(Beginning of Exercise data)

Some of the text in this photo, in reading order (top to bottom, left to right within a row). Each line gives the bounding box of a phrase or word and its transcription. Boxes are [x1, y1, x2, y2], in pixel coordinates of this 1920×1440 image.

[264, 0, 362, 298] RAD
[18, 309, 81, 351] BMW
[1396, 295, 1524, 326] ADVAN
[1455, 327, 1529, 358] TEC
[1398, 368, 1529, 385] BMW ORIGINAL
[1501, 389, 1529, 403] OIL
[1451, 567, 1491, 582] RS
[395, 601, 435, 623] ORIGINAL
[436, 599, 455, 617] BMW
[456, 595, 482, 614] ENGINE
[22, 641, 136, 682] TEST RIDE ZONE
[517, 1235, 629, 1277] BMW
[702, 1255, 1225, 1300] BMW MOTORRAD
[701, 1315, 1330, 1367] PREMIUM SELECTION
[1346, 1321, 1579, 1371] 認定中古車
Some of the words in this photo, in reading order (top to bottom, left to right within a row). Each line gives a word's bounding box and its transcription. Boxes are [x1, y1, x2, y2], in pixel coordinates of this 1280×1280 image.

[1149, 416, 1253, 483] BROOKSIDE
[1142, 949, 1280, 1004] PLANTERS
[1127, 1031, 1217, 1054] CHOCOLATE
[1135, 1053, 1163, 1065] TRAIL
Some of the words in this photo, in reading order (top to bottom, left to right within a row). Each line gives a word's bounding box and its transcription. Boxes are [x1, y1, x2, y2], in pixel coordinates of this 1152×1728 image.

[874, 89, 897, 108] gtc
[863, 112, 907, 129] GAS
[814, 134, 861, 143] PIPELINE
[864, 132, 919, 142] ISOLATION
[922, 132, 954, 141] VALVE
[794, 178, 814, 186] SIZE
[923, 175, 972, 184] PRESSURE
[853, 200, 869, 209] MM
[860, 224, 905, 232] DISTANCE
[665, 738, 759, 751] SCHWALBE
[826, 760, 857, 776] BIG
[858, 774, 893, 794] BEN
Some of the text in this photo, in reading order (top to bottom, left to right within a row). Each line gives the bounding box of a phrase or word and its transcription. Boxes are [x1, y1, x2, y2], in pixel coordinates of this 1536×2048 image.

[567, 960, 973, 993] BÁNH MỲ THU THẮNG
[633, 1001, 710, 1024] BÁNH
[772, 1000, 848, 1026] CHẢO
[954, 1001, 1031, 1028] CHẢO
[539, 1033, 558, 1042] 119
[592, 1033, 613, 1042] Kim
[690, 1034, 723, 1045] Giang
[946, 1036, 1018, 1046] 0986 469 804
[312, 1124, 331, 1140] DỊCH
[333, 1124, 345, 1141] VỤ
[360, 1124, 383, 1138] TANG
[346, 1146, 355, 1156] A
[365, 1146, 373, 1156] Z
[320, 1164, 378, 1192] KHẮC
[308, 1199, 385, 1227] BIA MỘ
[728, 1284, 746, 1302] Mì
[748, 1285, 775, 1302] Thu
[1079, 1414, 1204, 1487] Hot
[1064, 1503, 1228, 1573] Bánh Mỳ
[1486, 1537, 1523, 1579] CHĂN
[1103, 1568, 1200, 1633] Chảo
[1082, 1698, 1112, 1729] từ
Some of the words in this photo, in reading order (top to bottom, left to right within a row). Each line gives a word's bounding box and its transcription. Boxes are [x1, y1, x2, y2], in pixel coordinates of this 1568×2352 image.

(End of Exercise data)

**Goal of the exercise**. In full and without change, transcribe the entries.

**Exercise output**.
Some of the text in this photo, in reading order (top to bottom, left to right within a row). Each line gives the bounding box of a phrase or word and its transcription. Boxes are [x1, y1, x2, y2], in pixel coordinates of this 1920×1440 image.

[264, 0, 362, 298] RAD
[18, 309, 81, 351] BMW
[1396, 295, 1524, 326] ADVAN
[1455, 327, 1529, 358] TEC
[1398, 368, 1529, 385] BMW ORIGINAL
[1501, 389, 1529, 403] OIL
[1451, 567, 1491, 582] RS
[395, 601, 435, 623] ORIGINAL
[436, 599, 455, 617] BMW
[456, 595, 482, 614] ENGINE
[22, 641, 136, 682] TEST RIDE ZONE
[517, 1235, 629, 1277] BMW
[702, 1255, 1225, 1300] BMW MOTORRAD
[701, 1315, 1330, 1367] PREMIUM SELECTION
[1346, 1321, 1579, 1371] 認定中古車
Some of the words in this photo, in reading order (top to bottom, left to right within a row). Each line gives a word's bounding box and its transcription. Boxes are [x1, y1, x2, y2], in pixel coordinates of this 1280×1280 image.

[1149, 416, 1253, 483] BROOKSIDE
[1142, 949, 1280, 1004] PLANTERS
[1127, 1031, 1217, 1054] CHOCOLATE
[1135, 1053, 1163, 1065] TRAIL
Some of the words in this photo, in reading order (top to bottom, left to right within a row). Each line gives a word's bounding box and its transcription. Boxes are [x1, y1, x2, y2], in pixel coordinates of this 1152×1728 image.

[874, 89, 897, 108] gtc
[863, 112, 907, 129] GAS
[814, 134, 861, 143] PIPELINE
[864, 132, 919, 142] ISOLATION
[922, 132, 954, 141] VALVE
[794, 178, 814, 186] SIZE
[923, 175, 972, 184] PRESSURE
[853, 200, 869, 209] MM
[860, 224, 905, 232] DISTANCE
[665, 738, 759, 751] SCHWALBE
[826, 760, 857, 776] BIG
[858, 774, 893, 794] BEN
Some of the text in this photo, in reading order (top to bottom, left to right within a row). Each line gives the bounding box of a phrase or word and its transcription. Boxes are [x1, y1, x2, y2], in pixel coordinates of this 1536×2048 image.

[567, 960, 973, 993] BÁNH MỲ THU THẮNG
[633, 1001, 710, 1024] BÁNH
[772, 1000, 848, 1026] CHẢO
[954, 1001, 1031, 1028] CHẢO
[539, 1033, 558, 1042] 119
[592, 1033, 613, 1042] Kim
[690, 1034, 723, 1045] Giang
[946, 1036, 1018, 1046] 0986 469 804
[312, 1124, 331, 1140] DỊCH
[333, 1124, 345, 1141] VỤ
[360, 1124, 383, 1138] TANG
[346, 1146, 355, 1156] A
[365, 1146, 373, 1156] Z
[320, 1164, 378, 1192] KHẮC
[308, 1199, 385, 1227] BIA MỘ
[728, 1284, 746, 1302] Mì
[748, 1285, 775, 1302] Thu
[1079, 1414, 1204, 1487] Hot
[1064, 1503, 1228, 1573] Bánh Mỳ
[1486, 1537, 1523, 1579] CHĂN
[1103, 1568, 1200, 1633] Chảo
[1082, 1698, 1112, 1729] từ
Some of the words in this photo, in reading order (top to bottom, left to right within a row). Each line gives a word's bounding box and its transcription. Boxes are [x1, y1, x2, y2], in pixel coordinates of this 1568×2352 image.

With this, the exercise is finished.